READ MORE: ‘They don’t own your vote’: Singh pushes back on Liberal warnings about voting NDP

“What they should know is the Liberals have let you down and the more New Democrats you vote for in this election … we’re going to form government. But if you vote for enough of us either way we’re going to fight for the priorities we put forward.”

The Liberals have spent much of the campaign warning Canadians against voting for the NDP or Greens, arguing that to do so would split the progressive vote and let the Conservatives, who have promised to eliminate the carbon tax and cut federal spending, take power.

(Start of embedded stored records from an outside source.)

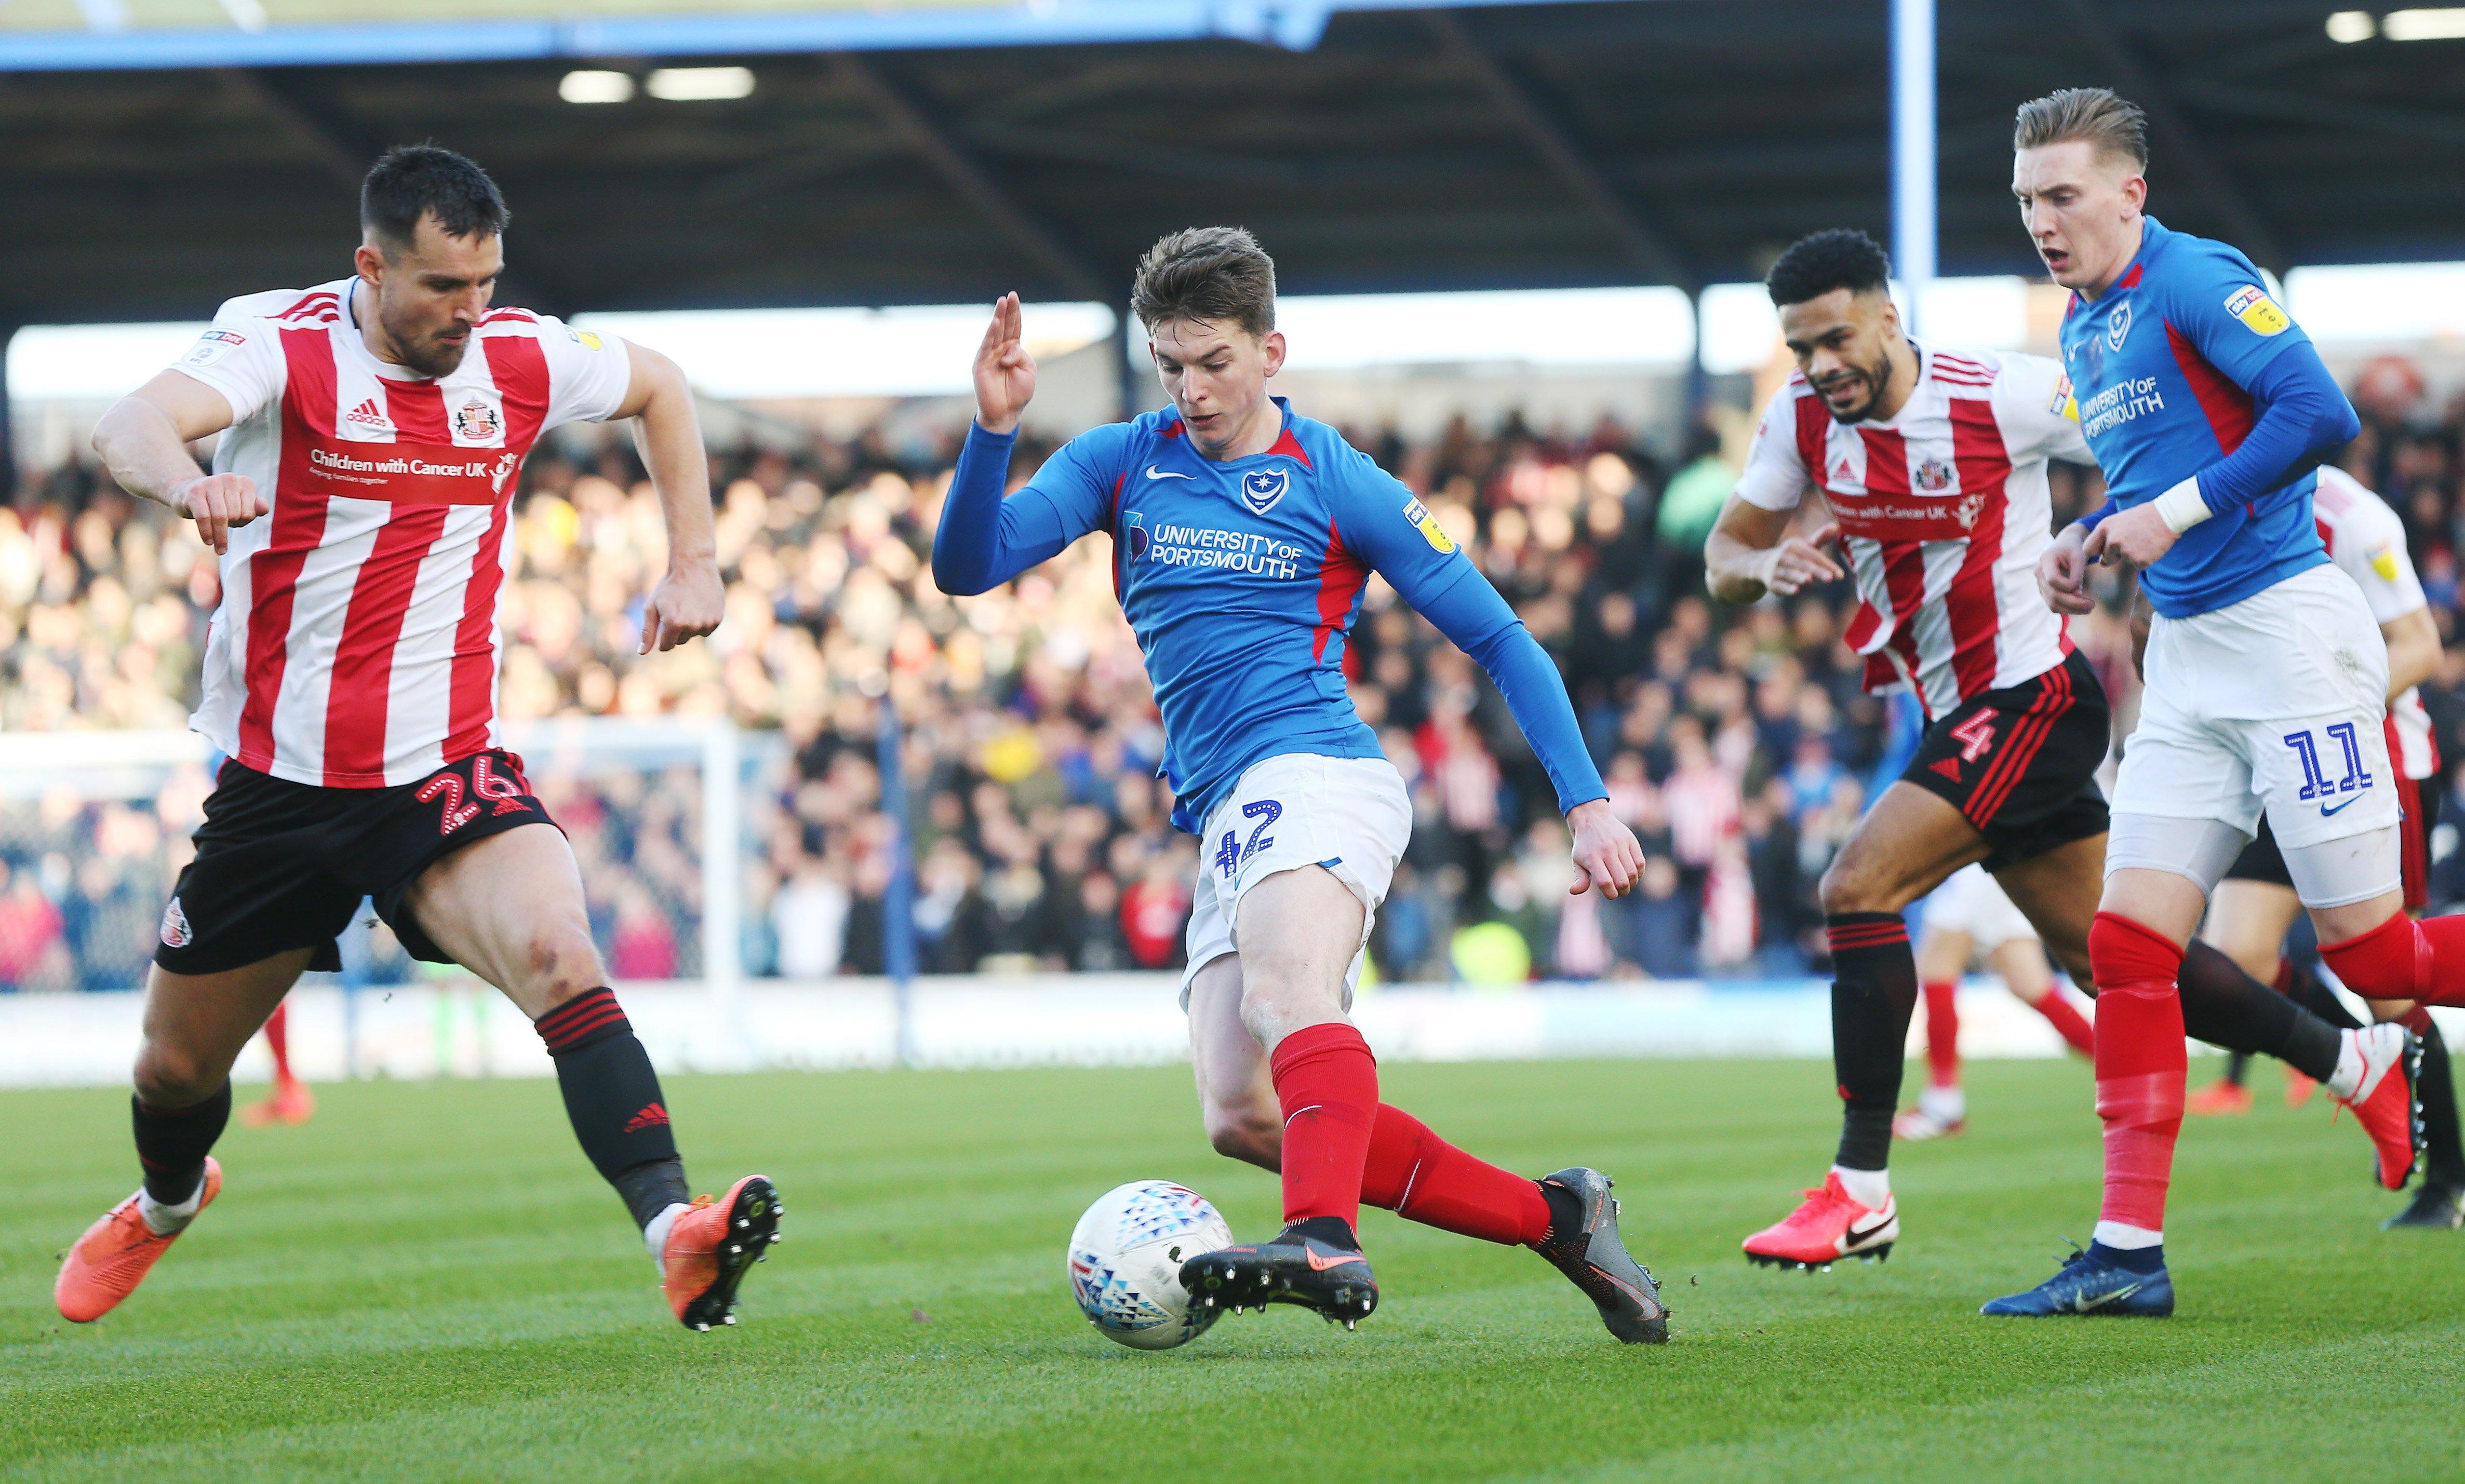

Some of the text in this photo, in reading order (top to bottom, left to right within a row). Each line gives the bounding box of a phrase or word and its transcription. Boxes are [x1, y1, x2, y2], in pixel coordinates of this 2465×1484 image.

[2231, 296, 2249, 314] sky
[2082, 376, 2157, 421] UNIVERSITY OF
[2085, 392, 2165, 440] PORTSMOUTH
[347, 413, 386, 427] adidas
[311, 449, 487, 478] Children with Cancer UK
[1925, 505, 1948, 520] UK
[1150, 545, 1297, 580] PORTSMOUTH
[1154, 524, 1303, 561] UNIVERSITY OF
[1949, 706, 2000, 764] 4
[2284, 722, 2373, 801] 11
[414, 755, 521, 836] 26
[1215, 800, 1282, 879] 42

Singh has used every public appearance — rallies, stump speeches, whistle stops, media interviews — in the last week encouraging voters not to fall for this push for strategic voting. He calls them Liberal scare tactics aimed at keeping themselves in power.

He has also added an another detail in his messaging over the last 24 hours — expressing disappointment at Green Leader Elizabeth May for saying she would be willing to work with the Conservatives in a minority government.

May’s own riding includes the southern tip of Vancouver Island and some polls suggest her party has been doing well in a number of ridings in the province that the NDP hope to capture.

On Friday, Singh pointed to abortion and same-sex marriage — issues Conservative Leader Andrew Scheer has struggled to stickhandle politically due to statements he has made saying he is personally against both — as key reasons he has absolutely ruled out working with the Conservatives.

“Ms. May hasn’t done that and that’s one of the big differences,” Singh said.

“We don’t think you can negotiate with a woman’s right to choose, with same-sex marriage, with services.”

Conservative views on abortion and same-sex marriage also landed Singh an unexpected ally on Friday.

Alberta NDP Leader Rachel Notley said she will vote for the NDP candidate in her riding, despite disagreements with the federal party on energy policy.

Notley released a statement saying she was not planning to take a public position on the federal election, but the prospect of a Conservative minority government backed by the separatist Bloc Quebecois has her deeply concerned for the future of the country.

She criticized Scheer’s plans to roll back action on climate change and cut spending, as well as anti-choice, homophobic and xenophobic views within his party.

That’s why she said she is endorsing the NDP candidate in her riding of Edmonton Strathcona, Heather McPherson — the only candidate she believes can beat the Conservatives there.

Notley, a former Alberta premier, has clashed with Singh over the Trans Mountain oil pipeline and other energy issues.

They still don’t see eye-to-eye on these issues, “nor has my resolve to challenge him on these matters,” Notley said Friday. “However, it is also my view that there is no parliamentary makeup that will allow Mr. Singh to assert those views.”

Later at a rally in Victoria that drew an overflow crowd of more than 800 people, Singh got a more ringing endorsement from B.C. Premier John Horgan.

Federal Election 2019: Singh disagrees with Obama’s Trudeau endorsement

Federal Election 2019: Singh disagrees with Obama’s Trudeau endorsement

The New Democrat premier, who presides over one of three provincial minority governments in Canada, joked to the crowd that he feels an excitement about the party that he’s not felt in a few years — referencing the NDP’s electoral breakthrough in B.C.

“It was as if the mainstream media didn’t know he existed and now everyone in Canada knows the most compassionate, hardest working person on the ballot is Jagmeet Singh,” Horgan said.

Horgan also tried to counter concerns about the increasing possibility of a minority government in Ottawa.

“I’m here to tell British Columbians who know this, but most importantly Canadians: fear not a minority government. Celebrate a minority government.”